§ Task: Retype the entries below exactly, but begin at the line containing "this 1920×1200 image." and end at the last line.

Recorded data

+++

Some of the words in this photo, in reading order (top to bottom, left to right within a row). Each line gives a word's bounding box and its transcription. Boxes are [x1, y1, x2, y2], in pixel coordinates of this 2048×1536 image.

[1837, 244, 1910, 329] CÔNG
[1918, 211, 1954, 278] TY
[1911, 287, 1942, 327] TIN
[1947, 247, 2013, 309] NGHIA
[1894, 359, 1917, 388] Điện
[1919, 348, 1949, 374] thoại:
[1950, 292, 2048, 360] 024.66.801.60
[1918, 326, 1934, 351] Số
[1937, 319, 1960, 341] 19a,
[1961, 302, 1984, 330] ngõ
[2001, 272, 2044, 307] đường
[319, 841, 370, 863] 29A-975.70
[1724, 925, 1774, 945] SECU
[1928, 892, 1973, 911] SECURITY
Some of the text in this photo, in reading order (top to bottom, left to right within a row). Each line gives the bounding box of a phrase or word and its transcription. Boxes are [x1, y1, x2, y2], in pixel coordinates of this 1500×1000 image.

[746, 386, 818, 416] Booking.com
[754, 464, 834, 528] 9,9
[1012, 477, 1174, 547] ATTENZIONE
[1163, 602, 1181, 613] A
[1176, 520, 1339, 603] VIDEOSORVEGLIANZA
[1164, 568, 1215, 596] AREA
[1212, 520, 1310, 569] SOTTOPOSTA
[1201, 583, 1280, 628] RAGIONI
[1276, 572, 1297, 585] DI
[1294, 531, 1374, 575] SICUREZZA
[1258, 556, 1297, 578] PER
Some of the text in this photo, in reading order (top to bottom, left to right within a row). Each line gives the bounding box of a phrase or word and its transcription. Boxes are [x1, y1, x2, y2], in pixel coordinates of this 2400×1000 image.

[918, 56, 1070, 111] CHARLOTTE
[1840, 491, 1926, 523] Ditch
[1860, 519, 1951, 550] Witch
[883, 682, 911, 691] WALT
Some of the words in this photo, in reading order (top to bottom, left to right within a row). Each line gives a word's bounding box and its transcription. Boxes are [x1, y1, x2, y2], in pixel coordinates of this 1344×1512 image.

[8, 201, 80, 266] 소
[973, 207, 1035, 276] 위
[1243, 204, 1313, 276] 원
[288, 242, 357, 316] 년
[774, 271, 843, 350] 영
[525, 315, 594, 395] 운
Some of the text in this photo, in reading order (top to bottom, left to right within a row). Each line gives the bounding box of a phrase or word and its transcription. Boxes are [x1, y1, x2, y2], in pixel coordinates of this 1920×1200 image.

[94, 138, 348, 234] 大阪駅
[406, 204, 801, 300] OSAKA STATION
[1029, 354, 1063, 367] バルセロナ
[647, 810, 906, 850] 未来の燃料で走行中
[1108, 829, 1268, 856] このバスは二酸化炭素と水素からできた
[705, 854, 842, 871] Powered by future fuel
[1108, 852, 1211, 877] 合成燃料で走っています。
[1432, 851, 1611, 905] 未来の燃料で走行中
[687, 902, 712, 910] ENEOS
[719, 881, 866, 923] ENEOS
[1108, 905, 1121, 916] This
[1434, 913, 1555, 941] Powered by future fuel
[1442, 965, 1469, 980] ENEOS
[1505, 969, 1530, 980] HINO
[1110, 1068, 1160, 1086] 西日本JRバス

+++

§ Output:
Some of the text in this photo, in reading order (top to bottom, left to right within a row). Each line gives the bounding box of a phrase or word and its transcription. Boxes are [x1, y1, x2, y2], in pixel coordinates of this 1920×1200 image.

[94, 138, 348, 234] 大阪駅
[406, 204, 801, 300] OSAKA STATION
[1029, 354, 1063, 367] バルセロナ
[647, 810, 906, 850] 未来の燃料で走行中
[1108, 829, 1268, 856] このバスは二酸化炭素と水素からできた
[705, 854, 842, 871] Powered by future fuel
[1108, 852, 1211, 877] 合成燃料で走っています。
[1432, 851, 1611, 905] 未来の燃料で走行中
[687, 902, 712, 910] ENEOS
[719, 881, 866, 923] ENEOS
[1108, 905, 1121, 916] This
[1434, 913, 1555, 941] Powered by future fuel
[1442, 965, 1469, 980] ENEOS
[1505, 969, 1530, 980] HINO
[1110, 1068, 1160, 1086] 西日本JRバス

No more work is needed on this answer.